» **Task brief**
Without including any pictures, copy every line below exactly.
————————
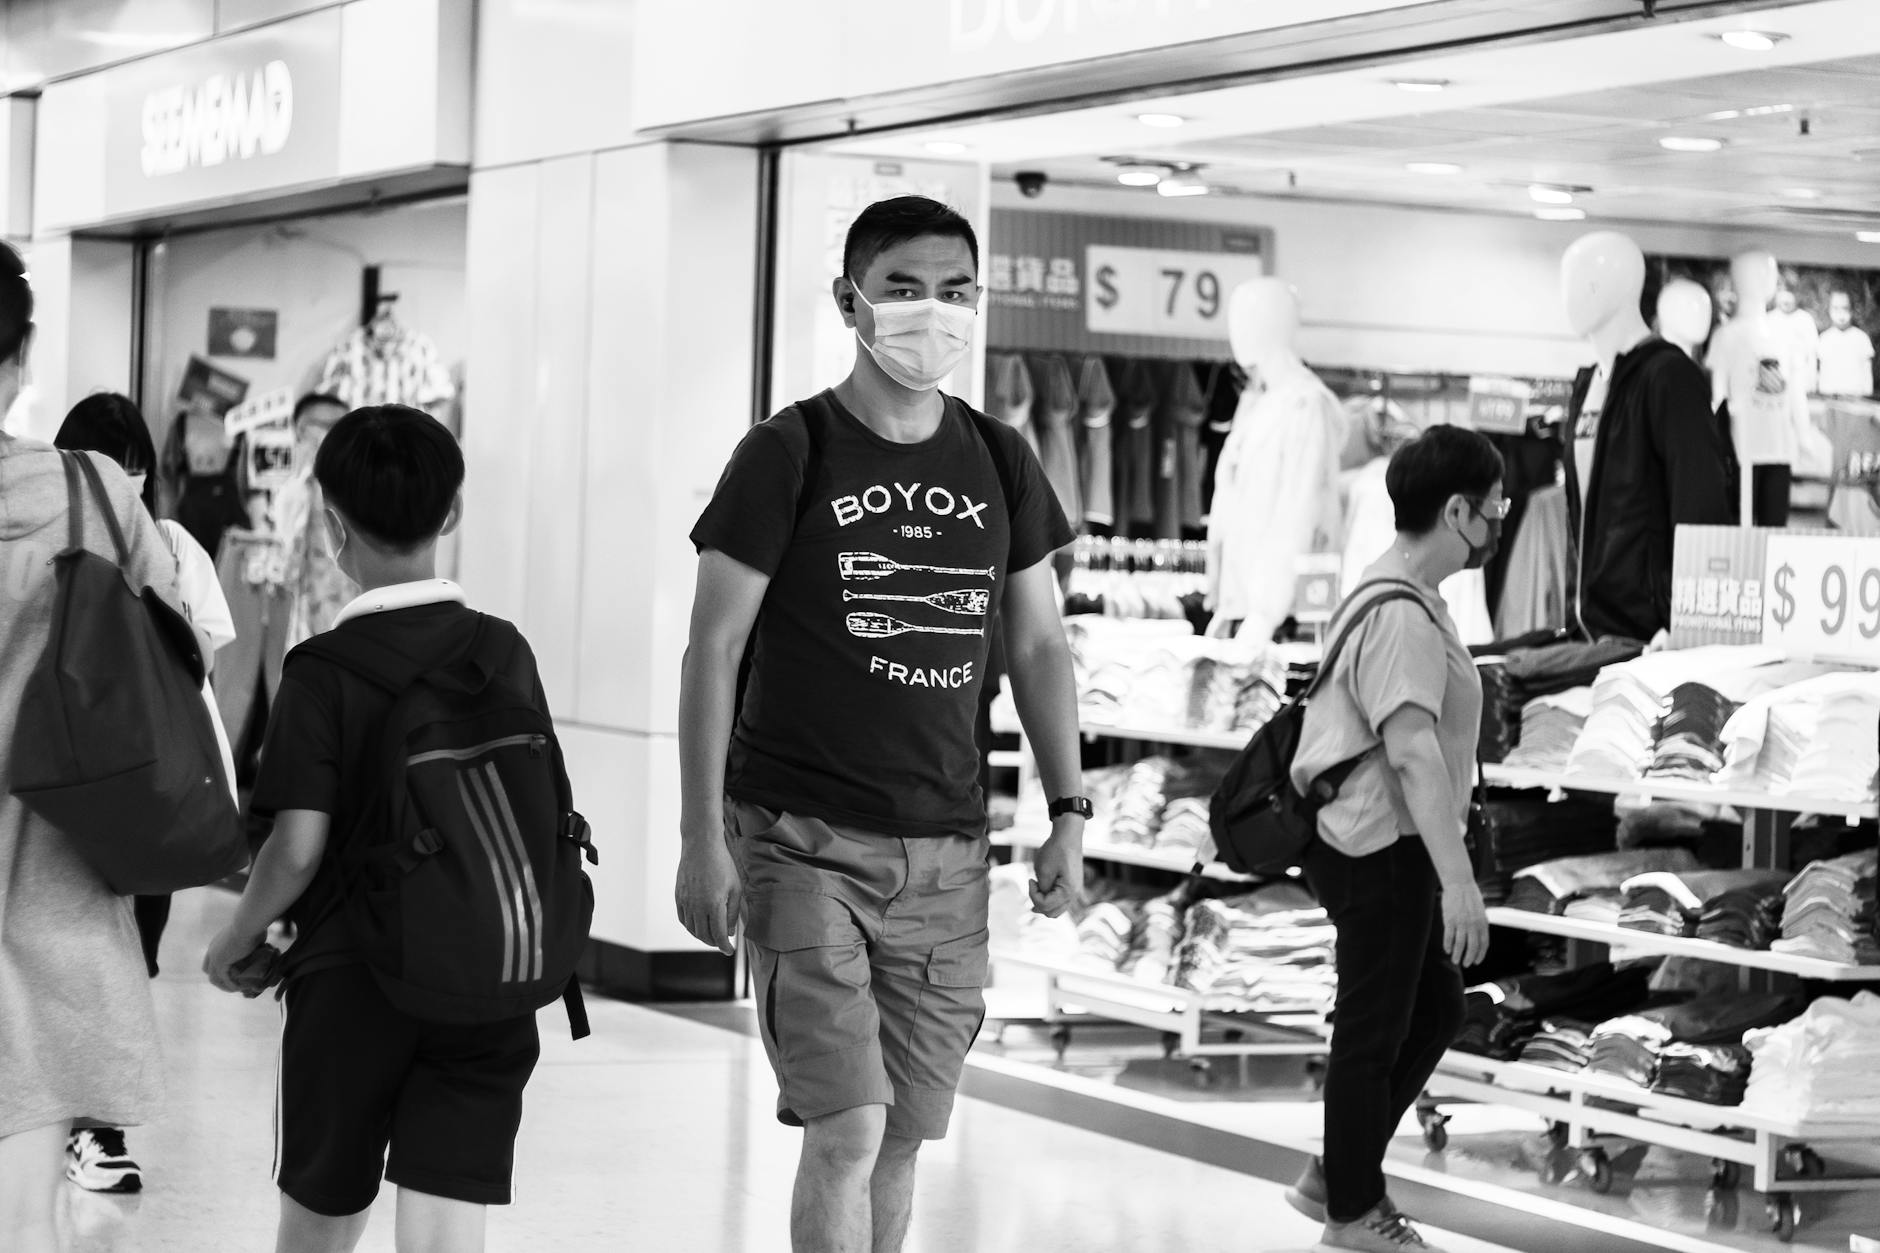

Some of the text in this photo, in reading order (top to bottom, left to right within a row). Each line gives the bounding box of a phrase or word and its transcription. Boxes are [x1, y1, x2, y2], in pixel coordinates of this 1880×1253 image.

[1096, 265, 1220, 319] $ 79
[831, 482, 988, 529] BOYOX
[1772, 561, 1880, 639] $ 99
[870, 656, 973, 688] FRANCE
————————
» **Solution to the exercise**
Some of the text in this photo, in reading order (top to bottom, left to right within a row). Each line gives the bounding box of a phrase or word and its transcription. Boxes are [x1, y1, x2, y2], in pixel coordinates of this 1880×1253 image.

[1096, 265, 1220, 319] $ 79
[831, 482, 988, 529] BOYOX
[1772, 561, 1880, 639] $ 99
[870, 656, 973, 688] FRANCE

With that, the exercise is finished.